Corona-free or your money back
Ticketmaster announced plans on April 17th to issue refunds for up to 18,000 cancelled events due to the coronavirus pandemic according to a report by the Los Angeles Times. According to the report, the global ticket retailer was responding to criticism from the public and politicians. Congresswoman Katie Porter of California told Billboard in a statement, “People across the country are having to make adjustments in their lives to keep everyone safe. Ticketmaster can do its part by giving people their money back. Let’s be clear: they can do this without government action, and they can do it today. Ticketmaster should do the right thing and stop trying to profit off a pandemic.”
The call for Ticketmaster refunds mirrors sentiments from my research around refunds. When asked what kind of assurances they’d like to see from event planners and venue owners after COVID-19 restrictions are lifted, one respondent said they wanted to see “a refund policy if you don’t feel comfortable going into a venue.” Another said they wanted “refund policies for venue cancellations.”
I asked Marc about the idea of offering refunds to address coronavirus concerns. He said, “If you as a consumer don’t feel comfortable, you shouldn’t go there to begin with.” Candace shared his sentiment from the social consumer perspective. “Refund policies are nice, but ultimately, if you don’t feel safe, then you shouldn’t be out,” she said. “I’d be happy for a refund if I got spooked, but I wouldn’t expect one.”
A vision of the future
So what could social life after COVID-19 look like? Here’s a short list of possibilities based on what I’ve learned.

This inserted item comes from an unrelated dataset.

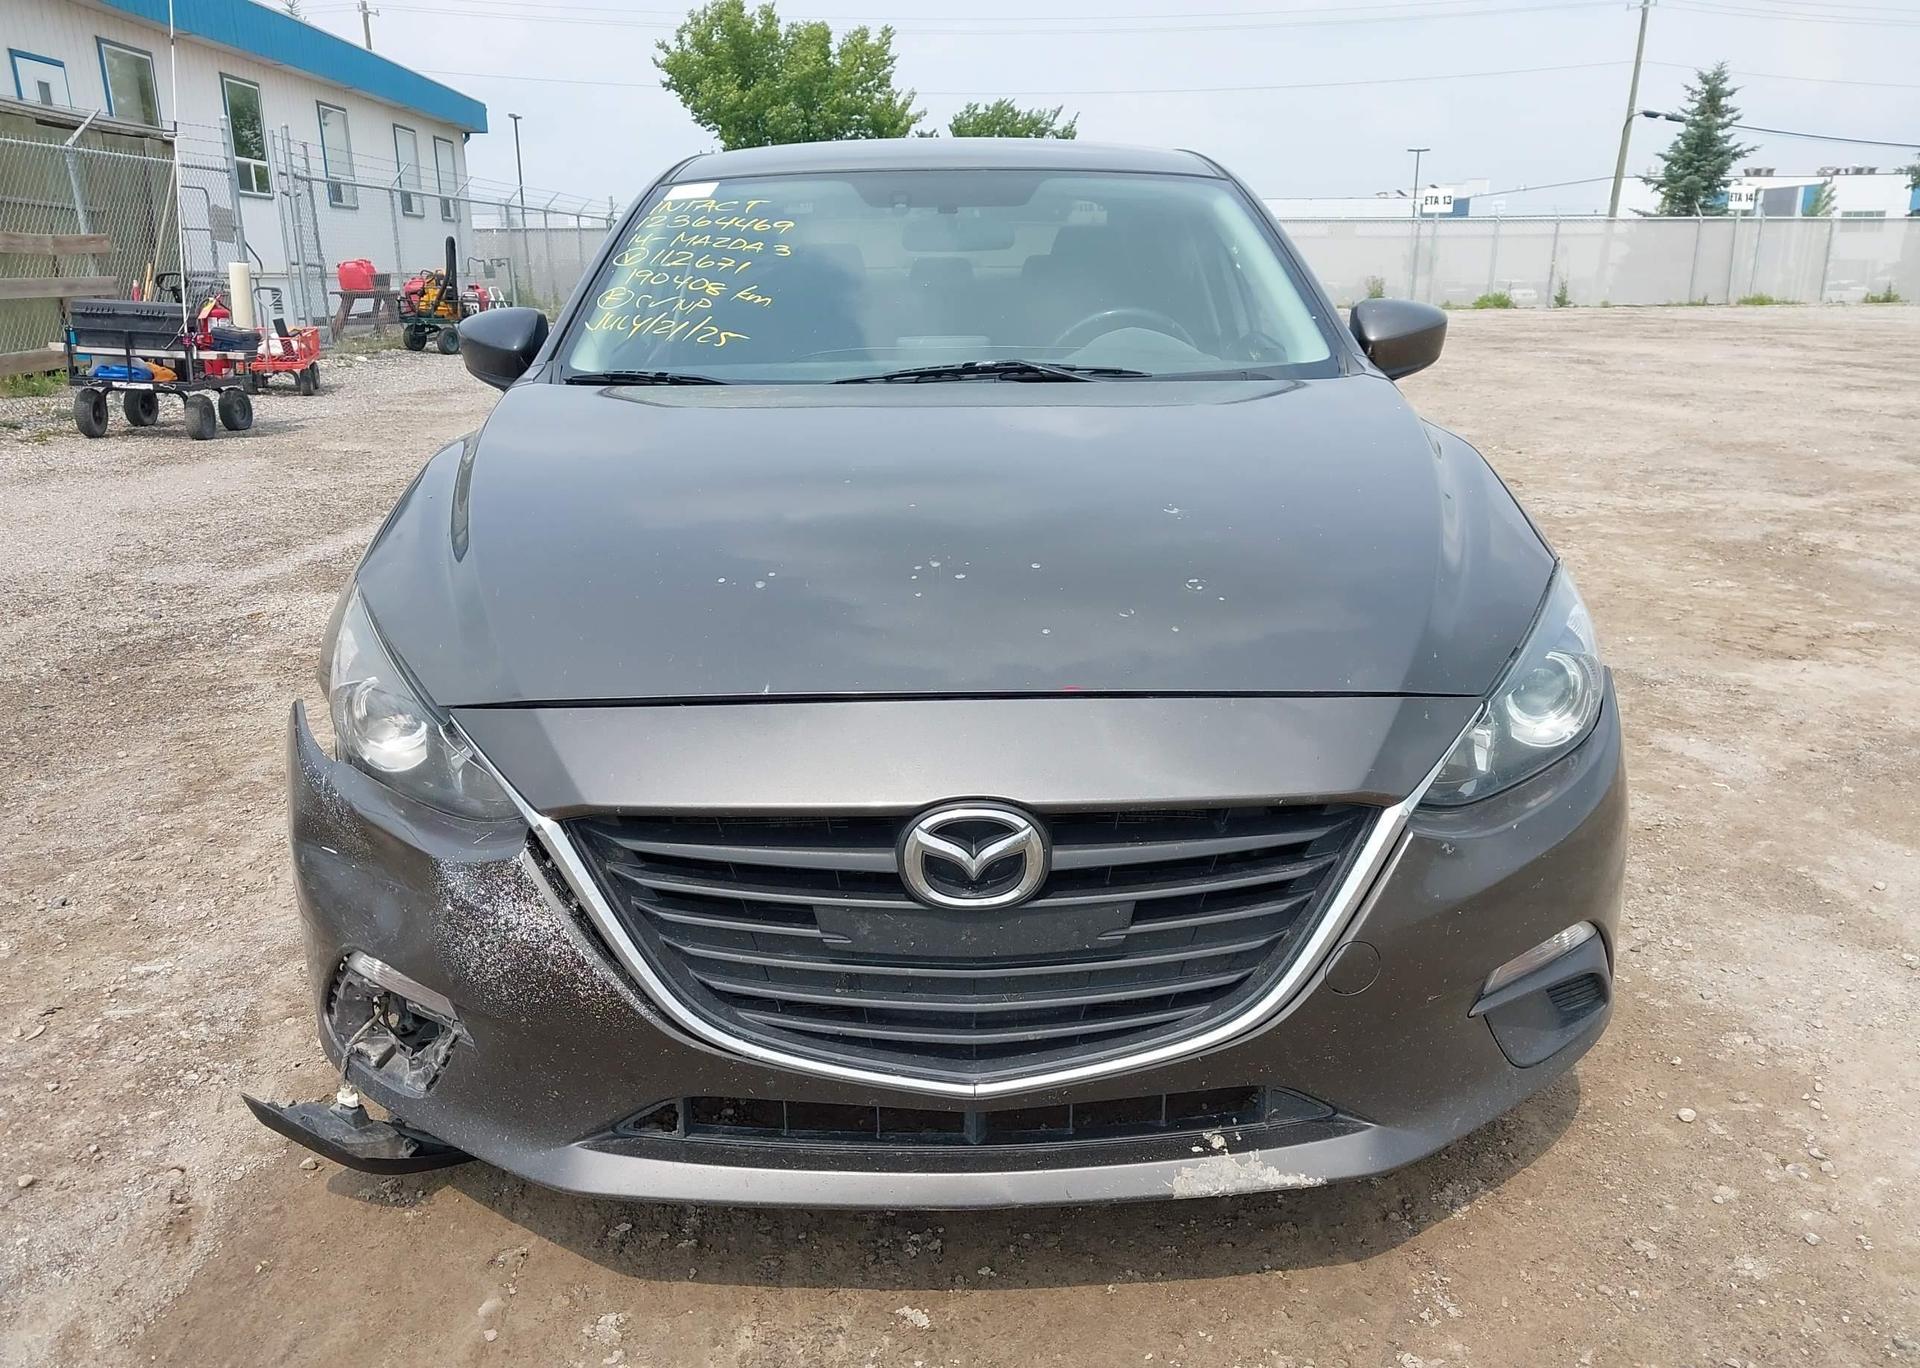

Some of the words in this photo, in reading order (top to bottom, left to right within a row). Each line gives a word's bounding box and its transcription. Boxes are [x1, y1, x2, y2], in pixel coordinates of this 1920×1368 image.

- Fewer options, strained service — Don’t expect the wealth options or quality of service you once had. Increased operating costs due to new sanitary requirements will force many venues out of business and put a ton of pressure on those who can survive to do more with leaner staff.
- Less capacity, chaos for consumers — State and local governments will continue to slash capacity allowances for venues and require venue owners to strongly enforce social distancing. That may mean an increased demand for space at social venues where seats, tickets and reservations will be in limited supply. Consumers should expect more strict reservation guidelines for attendance, and it may be more difficult for social consumers to purchase tickets or make reservations as they compete with others for limited space.
- Cleanliness as a value prop — Venue owners will be forced to put much more energy into cleanliness and sanitizing. Small businesses won’t be able to cut corners, and regulation compliance will be a baseline expectation for consumers. Businesses with the capacity to go above and beyond will do so in an effort to capture more awareness and support from consumers who are more self conscious of sanitary practices than ever before.
There is certainly growing speculation about what life after COVID-19 will look like, and we will undoubtedly need to adapt to the shifts that await us in the months to come. The contrast between my survey outputs and the feedback from Candace and Marc make one thing clear: We won’t know what life after the pandemic looks like until we get there.